**DIRECTIONS FOR THIS TASK**: Reproduce the whole listing exactly, omitting any picture it holds.
___
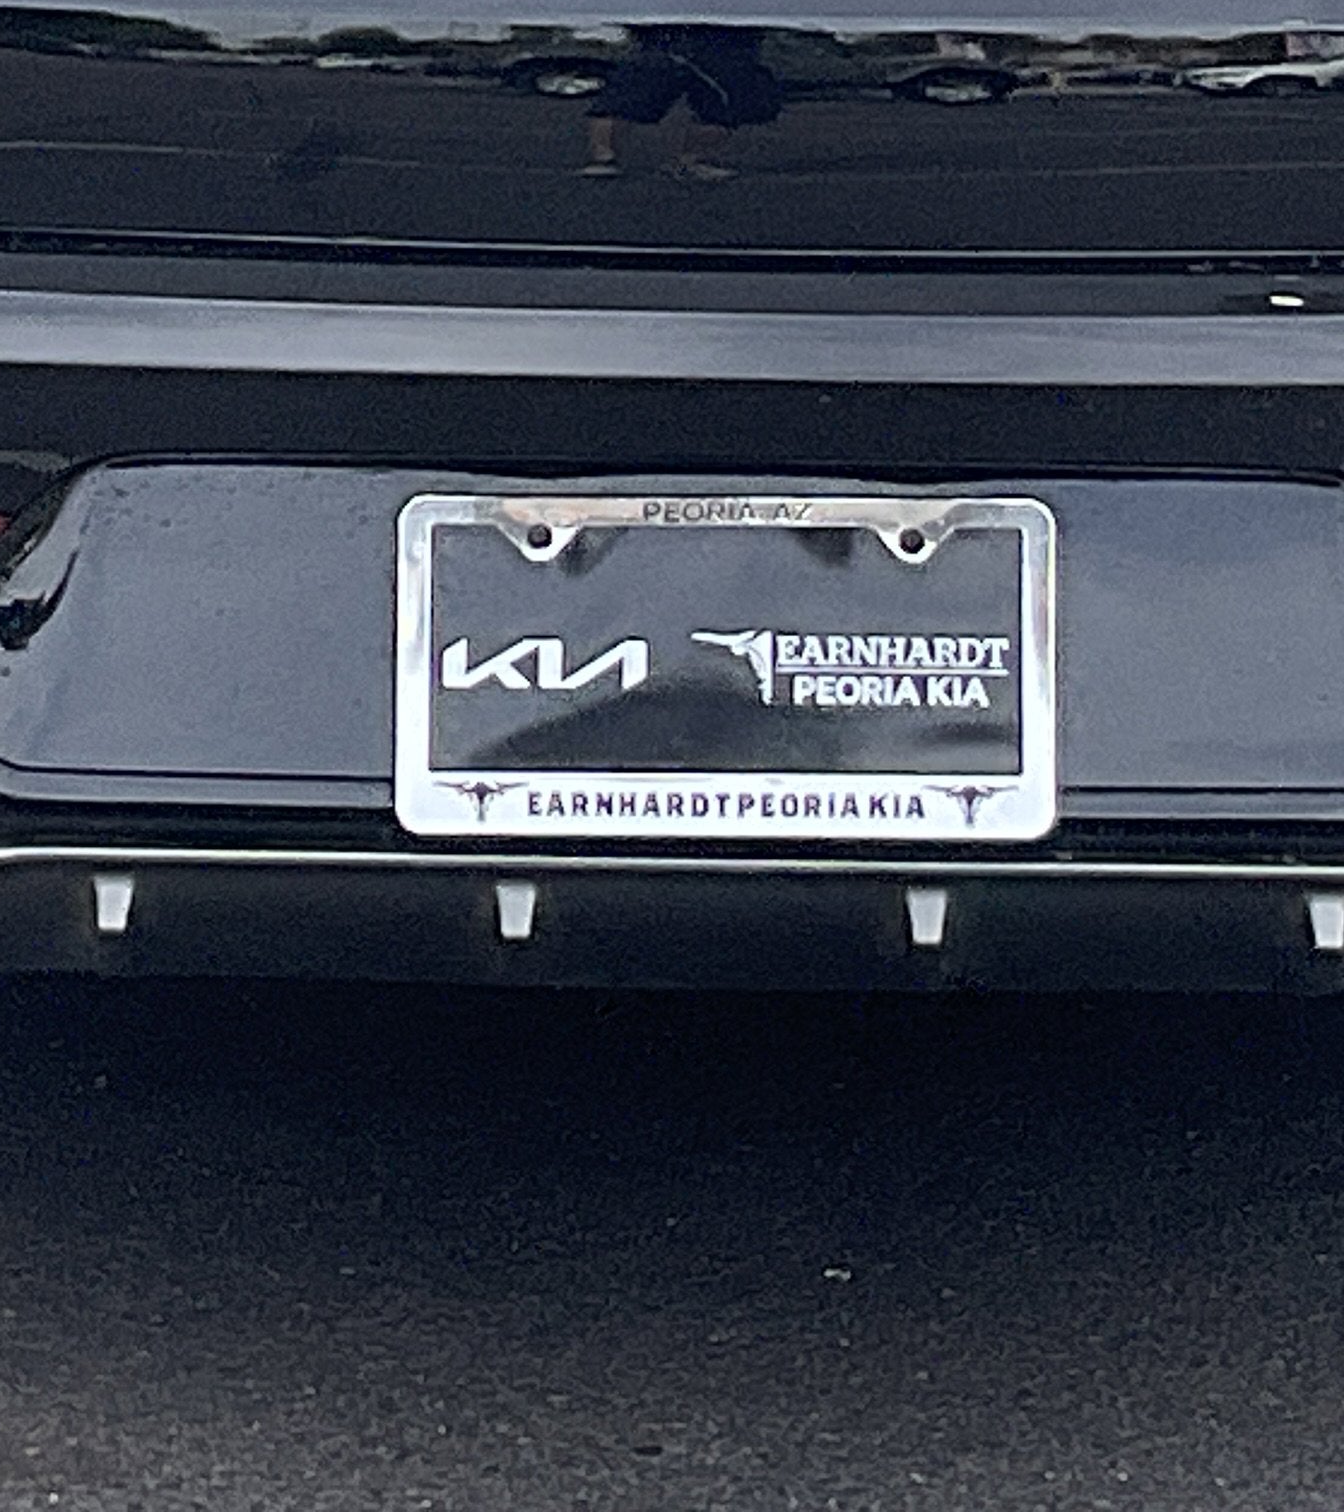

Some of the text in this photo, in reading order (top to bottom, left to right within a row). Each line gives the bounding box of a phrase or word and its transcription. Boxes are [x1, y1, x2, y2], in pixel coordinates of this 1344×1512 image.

[442, 637, 649, 689] KIA
[776, 635, 1010, 669] EARNHARDT
[793, 676, 990, 708] PEORIA KIA
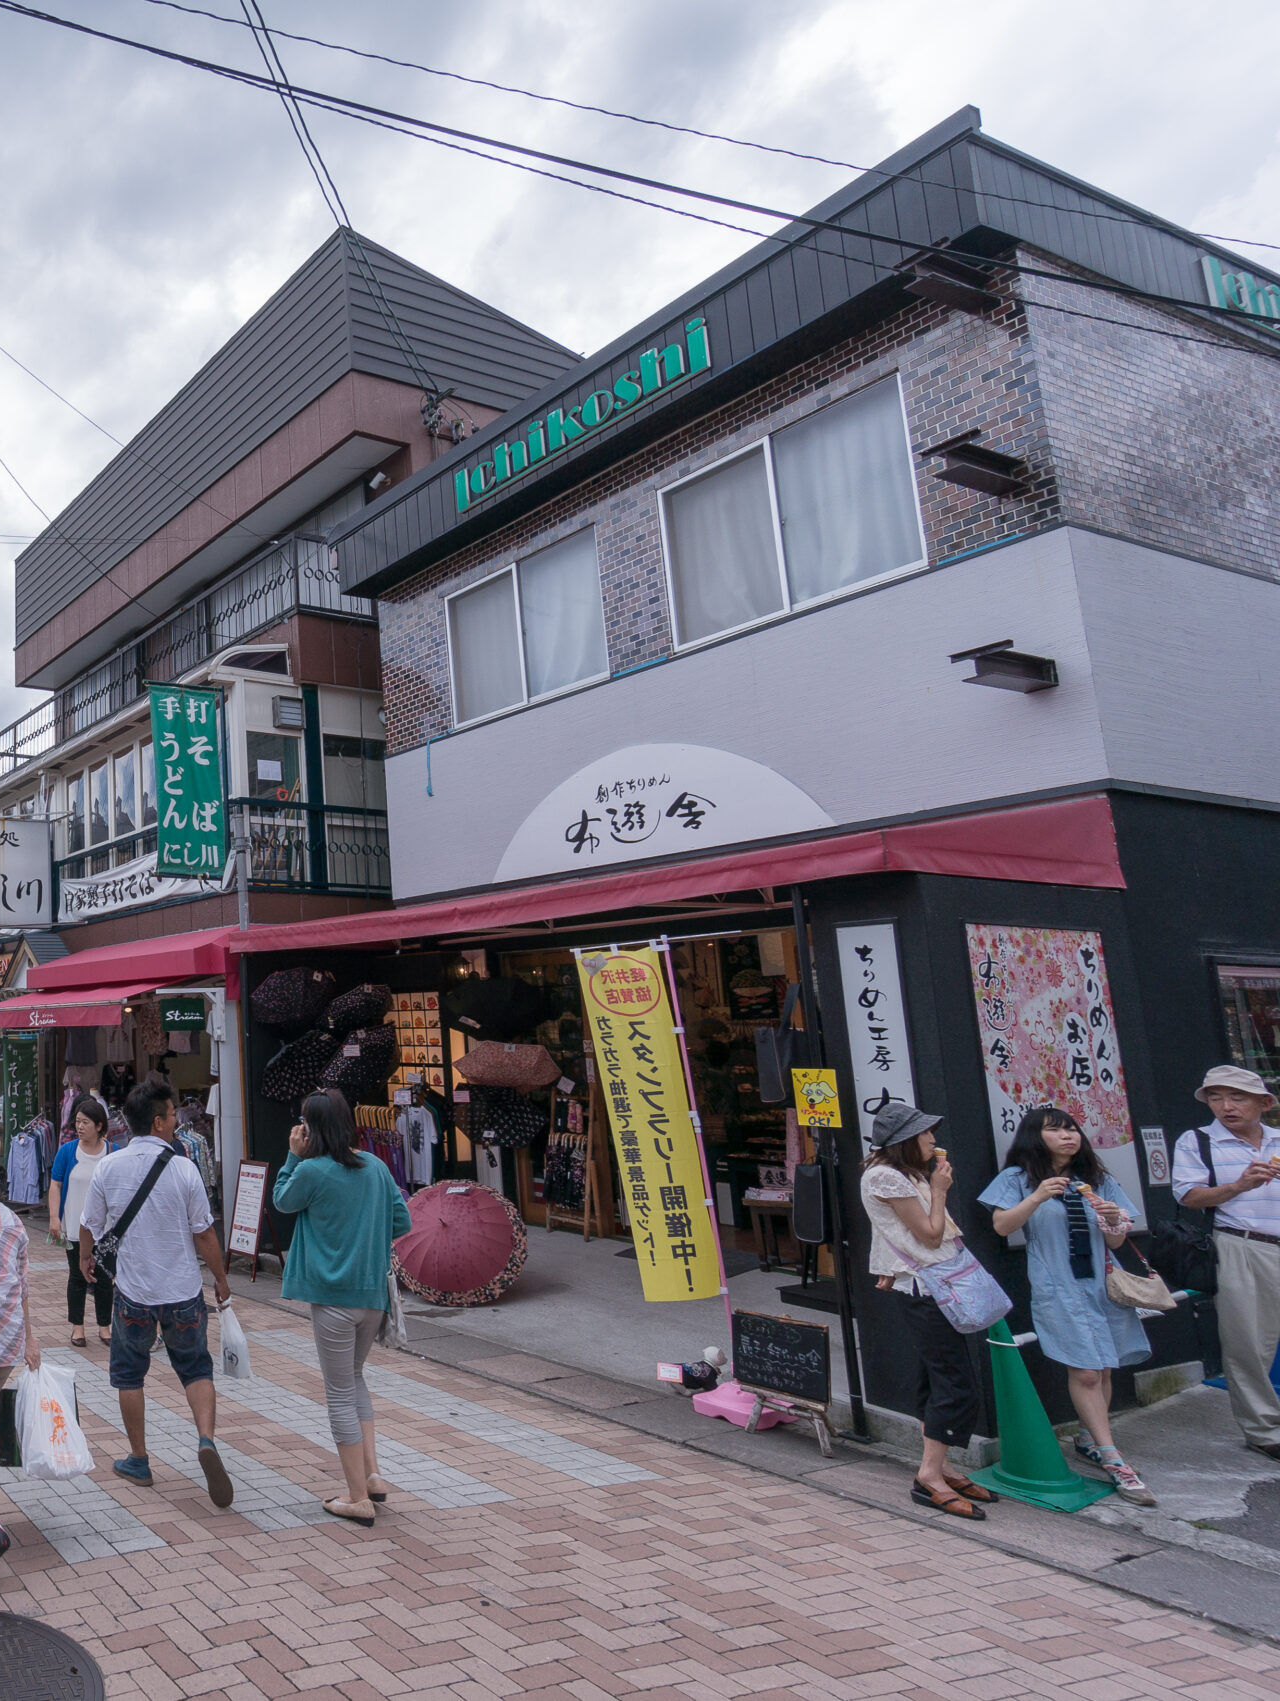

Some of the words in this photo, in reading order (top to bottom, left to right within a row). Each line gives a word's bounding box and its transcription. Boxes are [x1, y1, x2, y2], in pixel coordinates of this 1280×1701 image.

[455, 316, 711, 513] Ichikoshi
[595, 773, 671, 803] 創作ちりめん
[163, 842, 219, 868] にし川
[165, 1010, 204, 1021] Stream
[854, 944, 896, 1072] ちりめん工房
[1079, 946, 1114, 1085] ちりめんの
[1067, 1018, 1092, 1087] お店
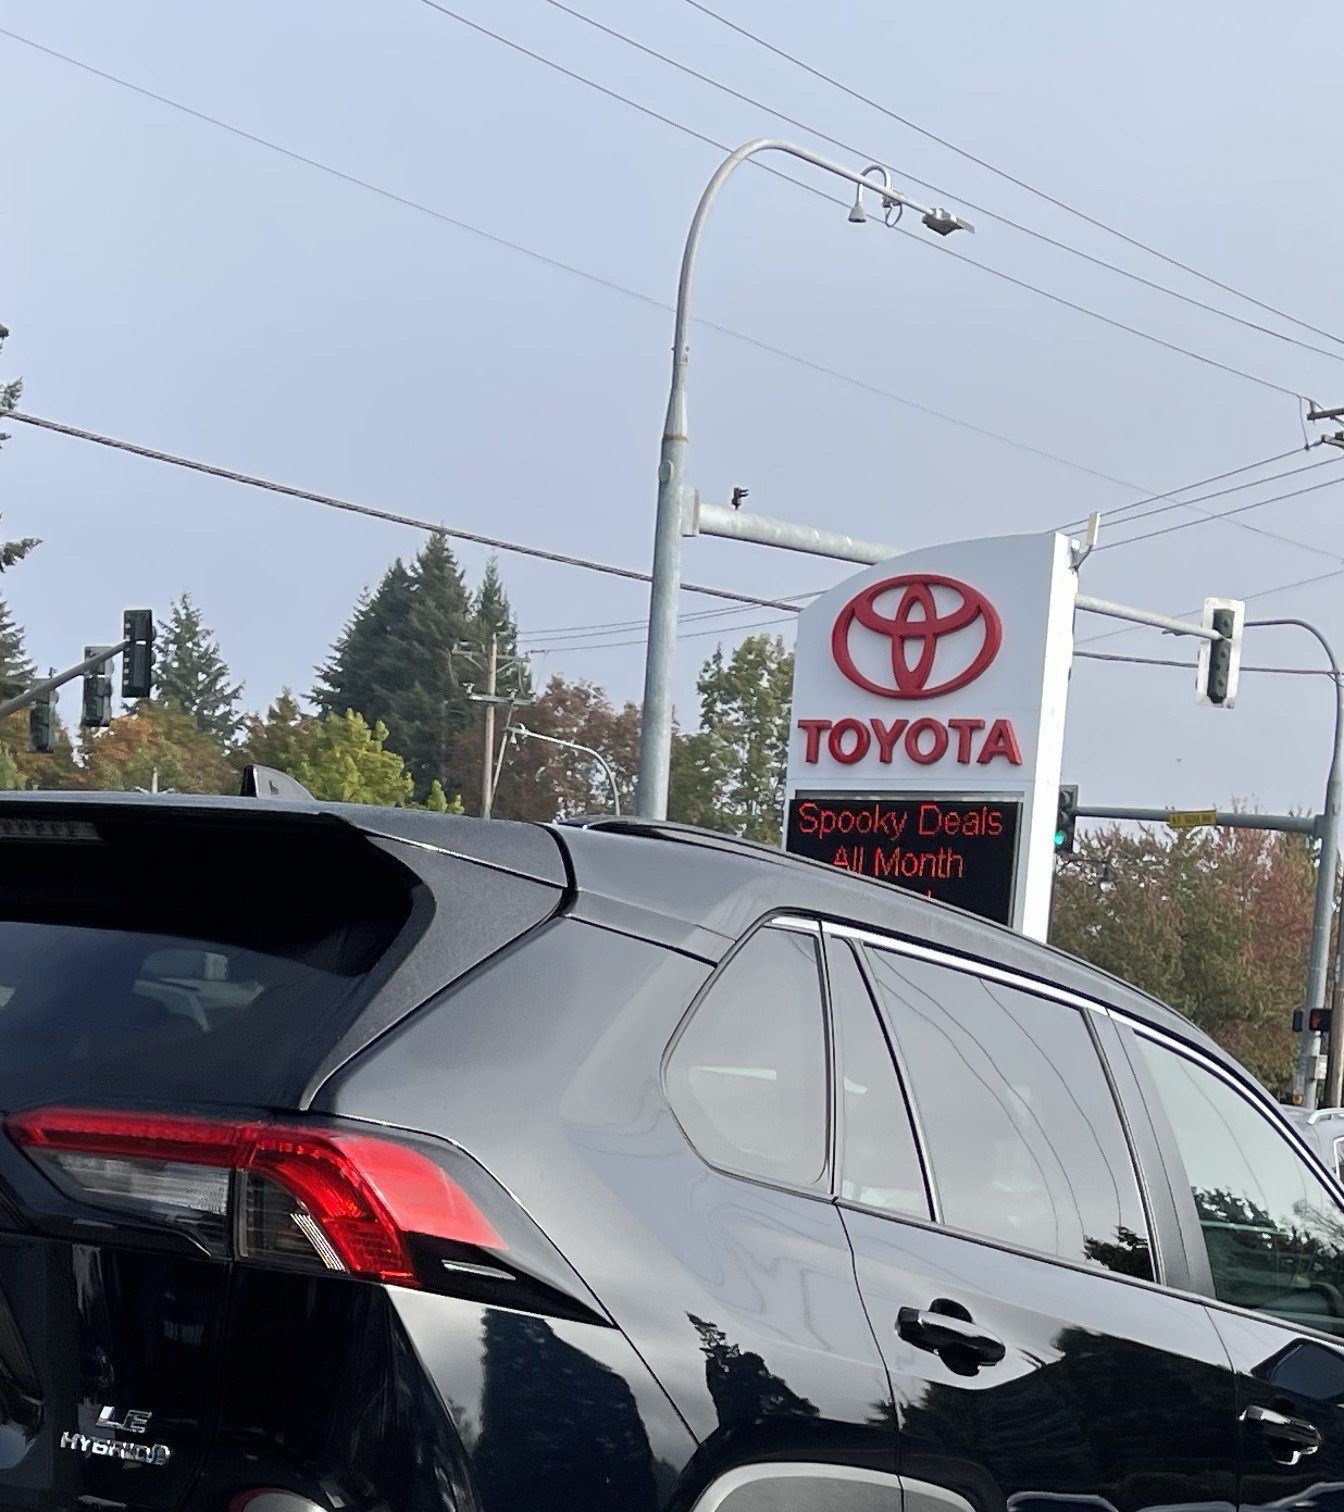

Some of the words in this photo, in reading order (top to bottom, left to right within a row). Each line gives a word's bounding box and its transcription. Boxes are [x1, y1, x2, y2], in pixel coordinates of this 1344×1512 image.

[797, 717, 1023, 766] TOYOTA
[798, 802, 908, 841] Spooky
[918, 802, 1005, 836] Deals
[833, 845, 865, 874] All
[874, 846, 964, 879] Month
[96, 1405, 153, 1433] LE
[60, 1431, 171, 1466] HYBRID
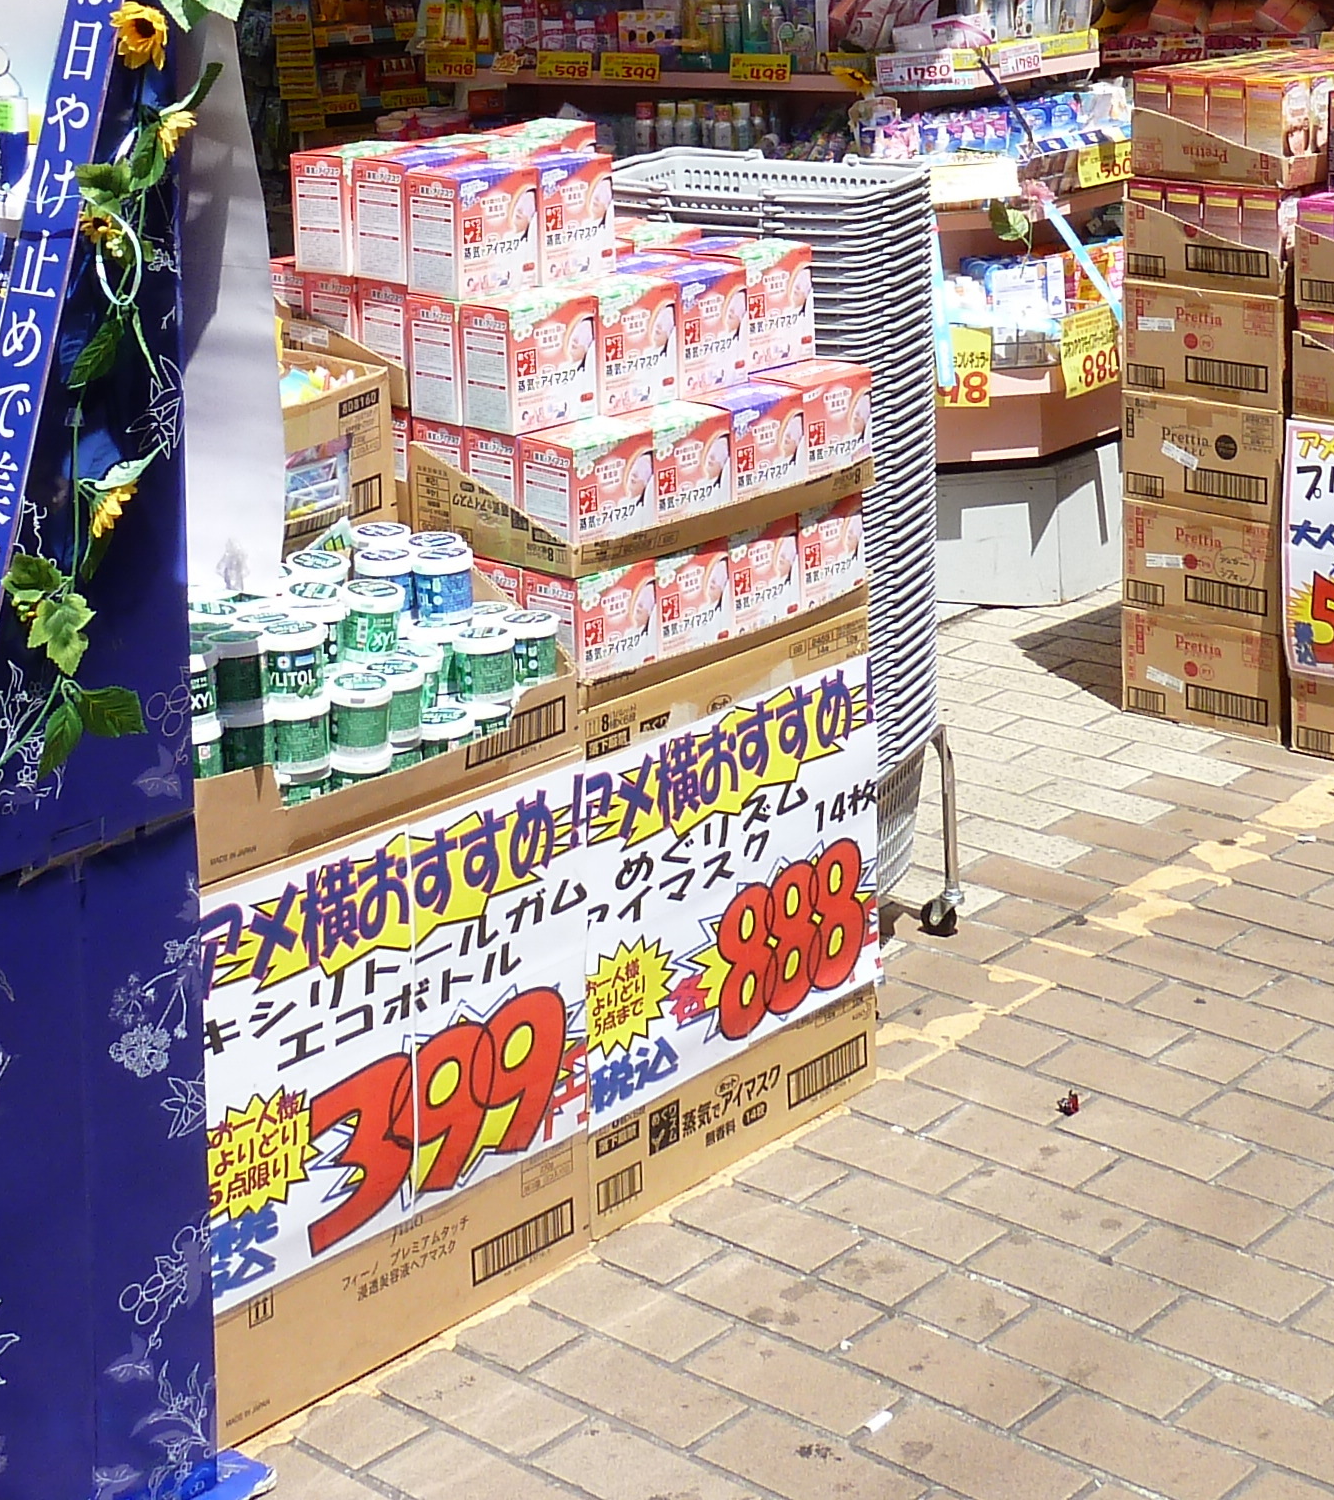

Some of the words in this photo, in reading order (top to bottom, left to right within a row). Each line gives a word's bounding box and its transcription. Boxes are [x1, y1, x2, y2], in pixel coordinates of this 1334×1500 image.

[1161, 425, 1209, 447] Prettia
[1174, 525, 1223, 550] Prettia
[1174, 633, 1223, 659] Prettia
[586, 829, 771, 932] アイマスク
[717, 837, 865, 1041] 888
[279, 941, 522, 1072] エコボトル
[308, 984, 569, 1258] 399
___
**RESULT OF THE EXERCISE**:
Some of the text in this photo, in reading order (top to bottom, left to right within a row). Each line gives the bounding box of a phrase or word and its transcription. Boxes are [x1, y1, x2, y2], in pixel coordinates of this 1344×1512 image.

[442, 637, 649, 689] KIA
[776, 635, 1010, 669] EARNHARDT
[793, 676, 990, 708] PEORIA KIA

Some of the words in this photo, in reading order (top to bottom, left to right within a row). Each line gives a word's bounding box and its transcription. Boxes are [x1, y1, x2, y2], in pixel coordinates of this 1280×1701 image.

[455, 316, 711, 513] Ichikoshi
[595, 773, 671, 803] 創作ちりめん
[163, 842, 219, 868] にし川
[165, 1010, 204, 1021] Stream
[854, 944, 896, 1072] ちりめん工房
[1079, 946, 1114, 1085] ちりめんの
[1067, 1018, 1092, 1087] お店

Some of the words in this photo, in reading order (top to bottom, left to right within a row). Each line gives a word's bounding box and its transcription. Boxes are [x1, y1, x2, y2], in pixel coordinates of this 1344×1512 image.

[797, 717, 1023, 766] TOYOTA
[798, 802, 908, 841] Spooky
[918, 802, 1005, 836] Deals
[833, 845, 865, 874] All
[874, 846, 964, 879] Month
[96, 1405, 153, 1433] LE
[60, 1431, 171, 1466] HYBRID

Some of the words in this photo, in reading order (top to bottom, left to right within a row). Each line gives a word's bounding box and its transcription. Boxes are [x1, y1, x2, y2], in pixel coordinates of this 1334×1500 image.

[1161, 425, 1209, 447] Prettia
[1174, 525, 1223, 550] Prettia
[1174, 633, 1223, 659] Prettia
[586, 829, 771, 932] アイマスク
[717, 837, 865, 1041] 888
[279, 941, 522, 1072] エコボトル
[308, 984, 569, 1258] 399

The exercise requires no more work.